(DATA SUPPLIED begins)
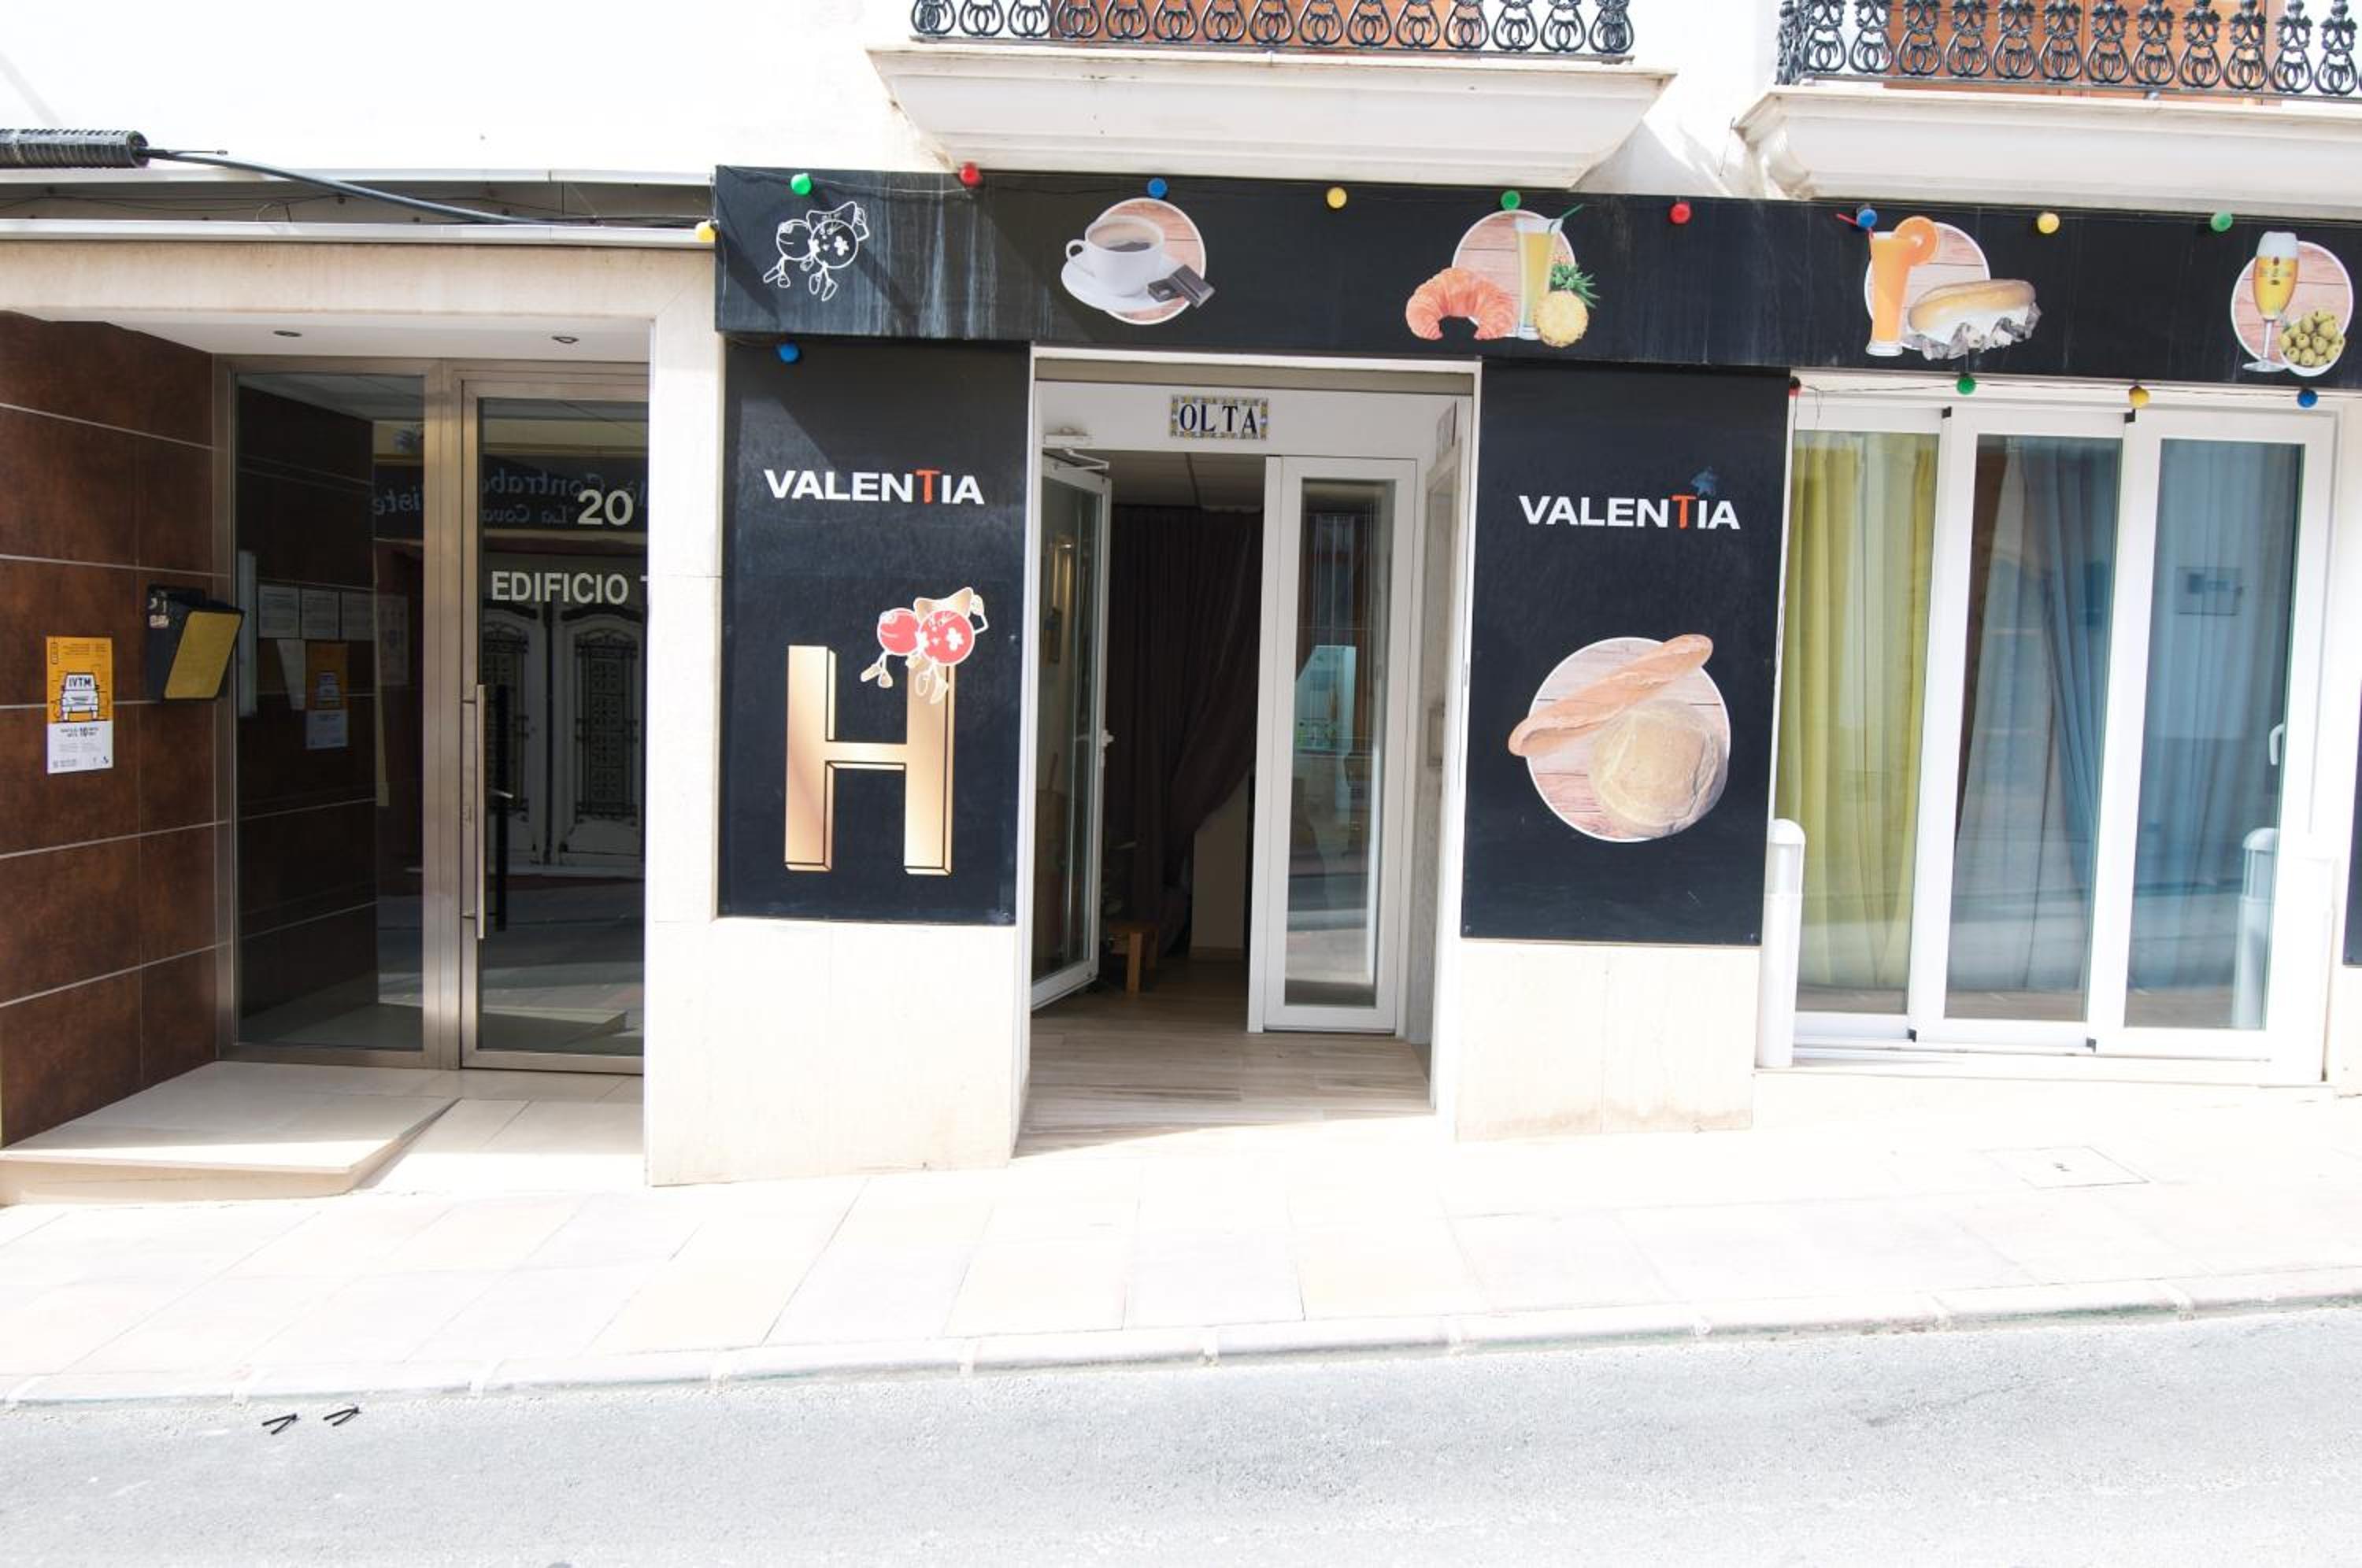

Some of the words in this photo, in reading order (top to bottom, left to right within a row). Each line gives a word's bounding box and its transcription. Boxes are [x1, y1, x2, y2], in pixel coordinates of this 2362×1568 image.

[1179, 404, 1258, 438] OLTA
[764, 468, 985, 505] VALENTIA
[577, 489, 634, 526] 20
[1519, 494, 1741, 531] VALENTIA
[491, 571, 629, 605] EDIFICIO
[68, 677, 92, 687] IVTM
[784, 645, 956, 876] H
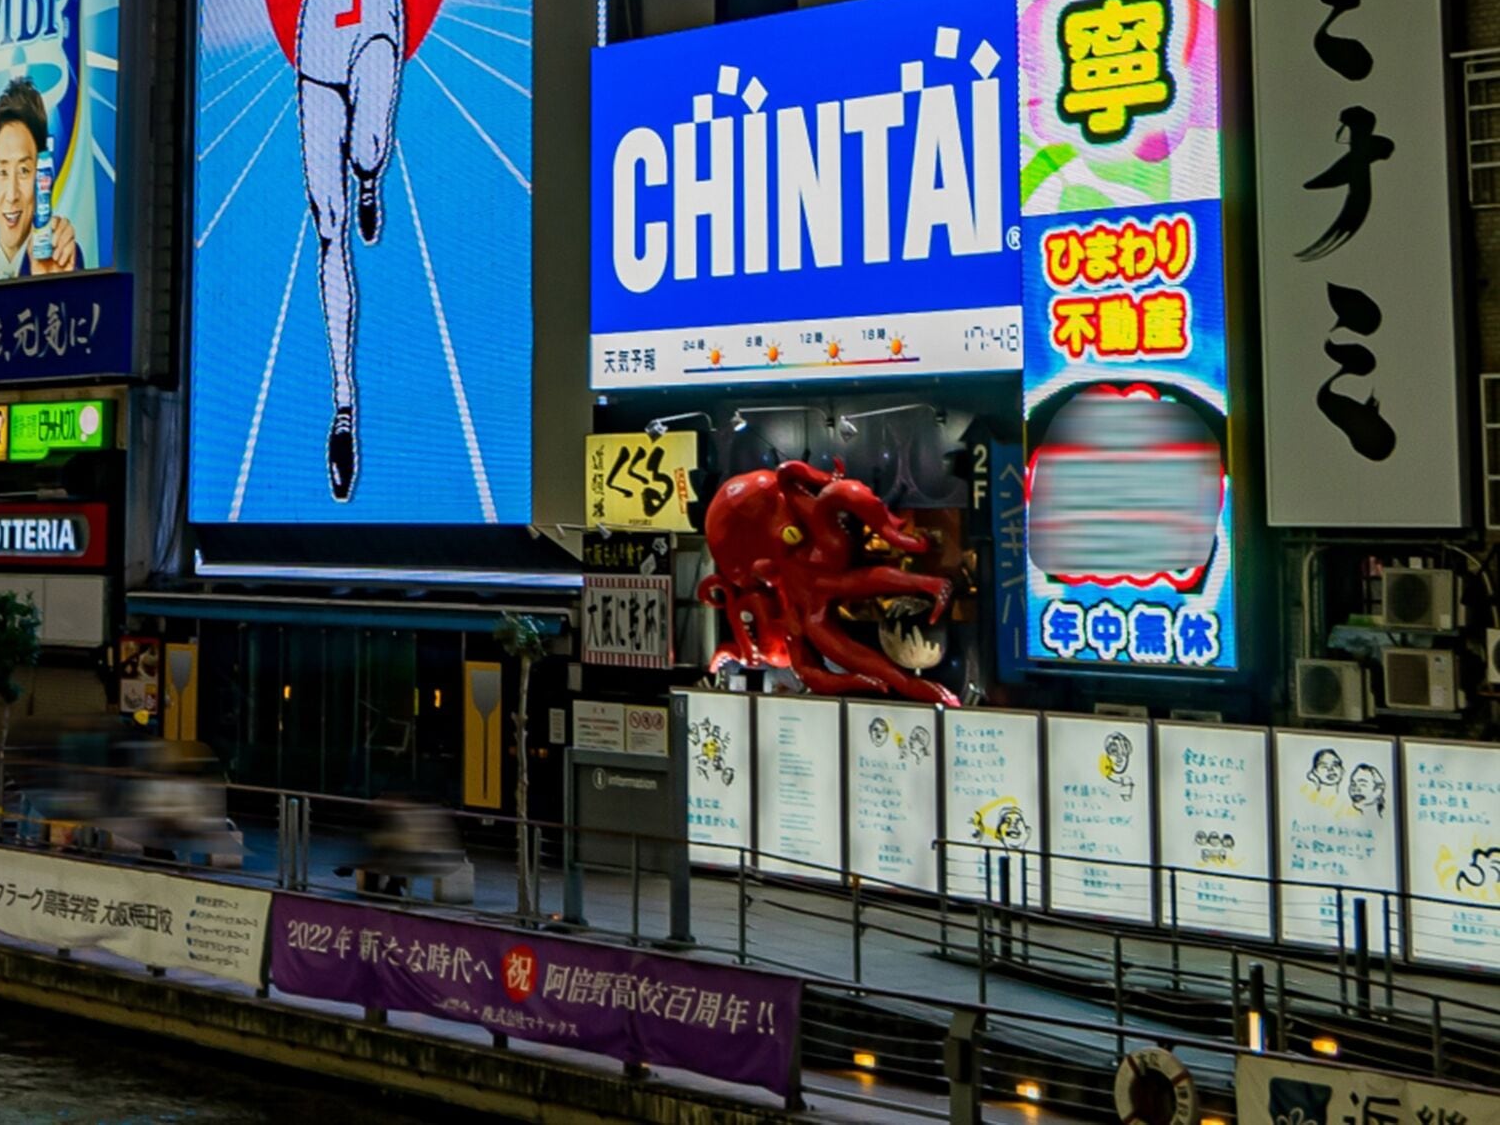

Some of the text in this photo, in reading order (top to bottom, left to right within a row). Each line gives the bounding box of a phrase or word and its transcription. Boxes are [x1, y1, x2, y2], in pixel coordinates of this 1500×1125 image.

[613, 27, 1003, 293] CHINTAI
[1044, 217, 1193, 285] ひまわり
[1053, 294, 1187, 358] 不動産
[603, 348, 657, 374] 天気予報
[973, 448, 987, 509] 2F
[1042, 600, 1219, 664] 年中無休
[287, 920, 351, 960] 2022年
[359, 929, 494, 983] 新たな時代へ
[506, 954, 532, 992] 祝
[543, 963, 749, 1034] 阿倍野高校百周年
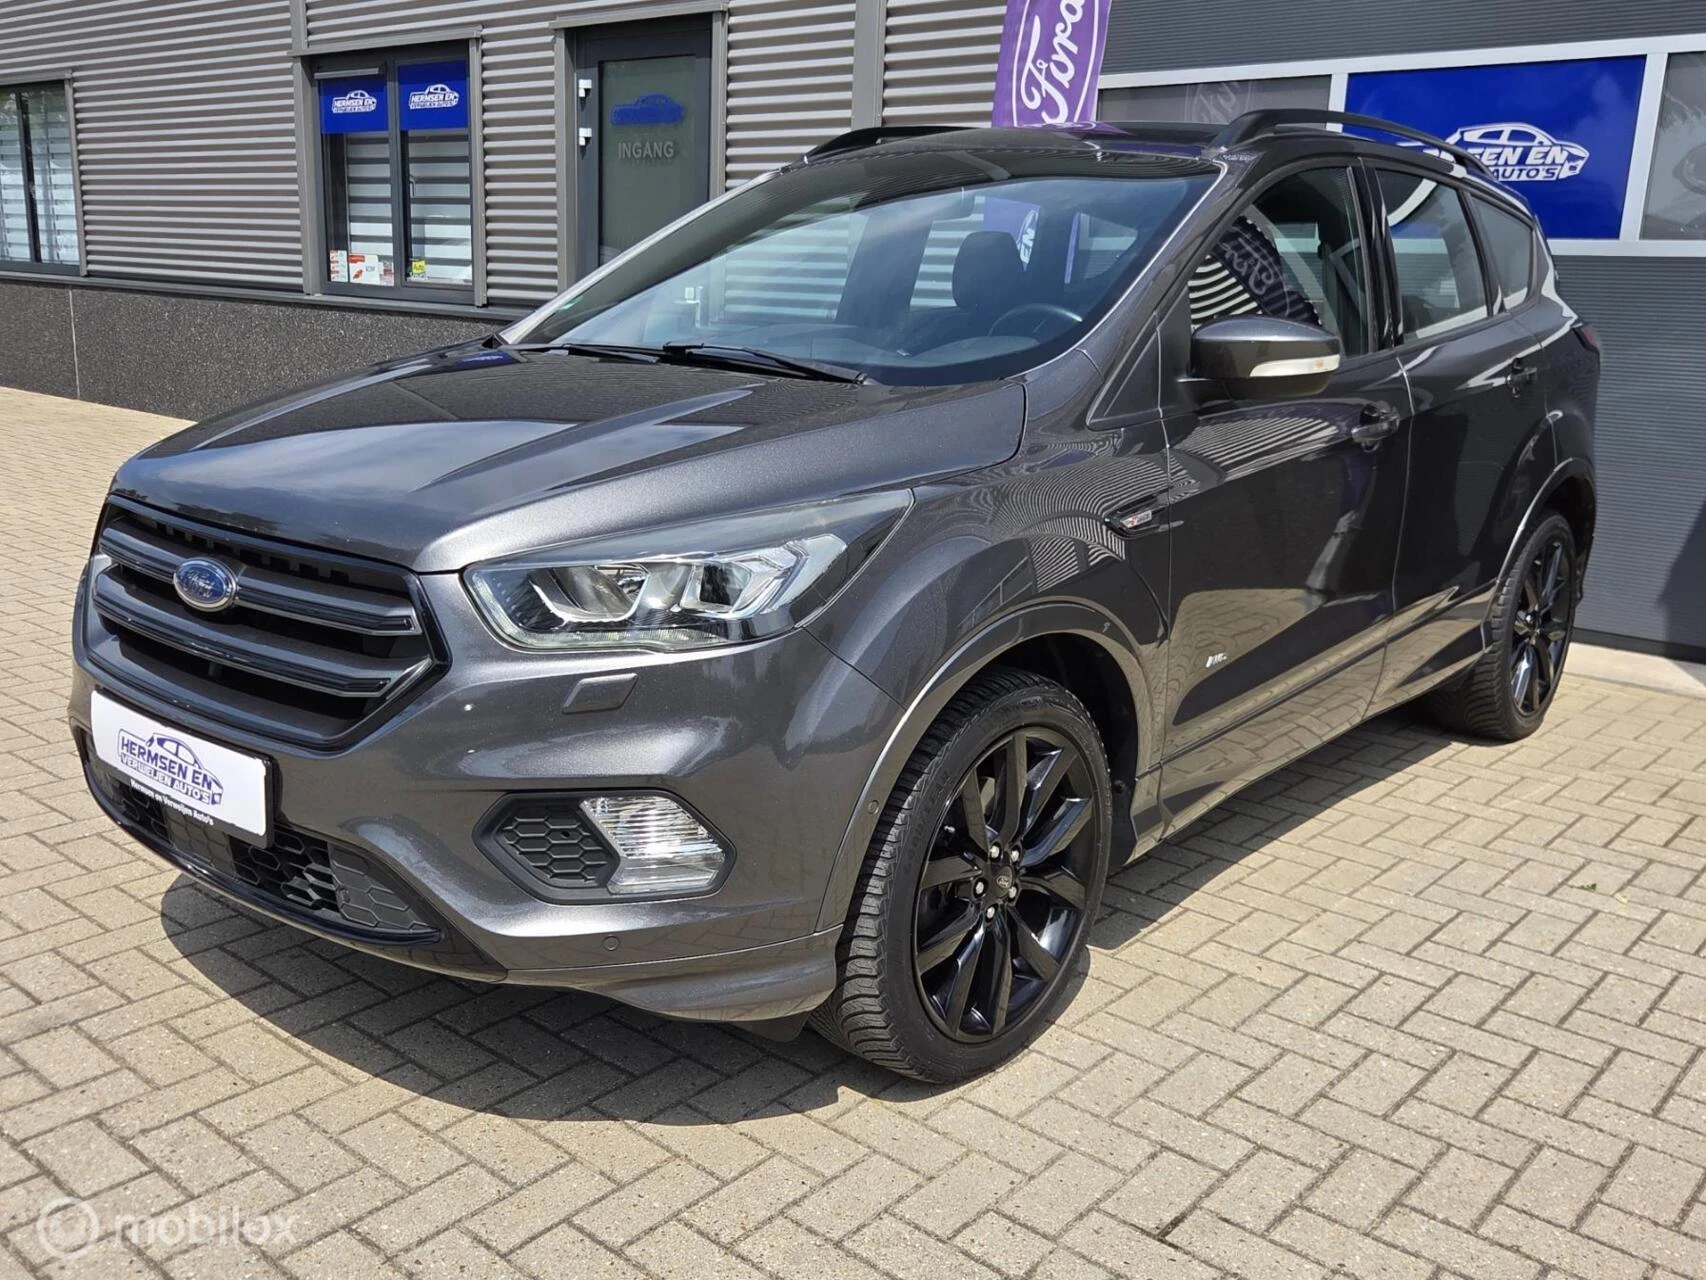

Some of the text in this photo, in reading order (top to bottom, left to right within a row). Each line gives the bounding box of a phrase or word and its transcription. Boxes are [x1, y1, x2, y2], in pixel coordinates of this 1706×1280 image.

[618, 141, 674, 159] INGANG
[1525, 146, 1569, 165] EN
[121, 736, 213, 791] HERMSEN EN
[172, 780, 211, 804] AUTO'S
(DATA SUPPLIED ends)
■ PROMPT ■
Reproduce each record above by retyping it exactly; omit all images.

■ SOLUTION TO THE EXERCISE ■
Some of the words in this photo, in reading order (top to bottom, left to right within a row). Each line gives a word's bounding box and its transcription. Boxes are [x1, y1, x2, y2], in pixel coordinates of this 2362×1568 image.

[1179, 404, 1258, 438] OLTA
[764, 468, 985, 505] VALENTIA
[577, 489, 634, 526] 20
[1519, 494, 1741, 531] VALENTIA
[491, 571, 629, 605] EDIFICIO
[68, 677, 92, 687] IVTM
[784, 645, 956, 876] H

Some of the text in this photo, in reading order (top to bottom, left to right within a row). Each line gives the bounding box of a phrase or word and its transcription. Boxes are [x1, y1, x2, y2], in pixel coordinates of this 1500×1125 image.

[613, 27, 1003, 293] CHINTAI
[1044, 217, 1193, 285] ひまわり
[1053, 294, 1187, 358] 不動産
[603, 348, 657, 374] 天気予報
[973, 448, 987, 509] 2F
[1042, 600, 1219, 664] 年中無休
[287, 920, 351, 960] 2022年
[359, 929, 494, 983] 新たな時代へ
[506, 954, 532, 992] 祝
[543, 963, 749, 1034] 阿倍野高校百周年

Some of the text in this photo, in reading order (top to bottom, left to right within a row). Each line gives the bounding box of a phrase or word and its transcription. Boxes are [x1, y1, x2, y2], in pixel coordinates of this 1706×1280 image.

[618, 141, 674, 159] INGANG
[1525, 146, 1569, 165] EN
[121, 736, 213, 791] HERMSEN EN
[172, 780, 211, 804] AUTO'S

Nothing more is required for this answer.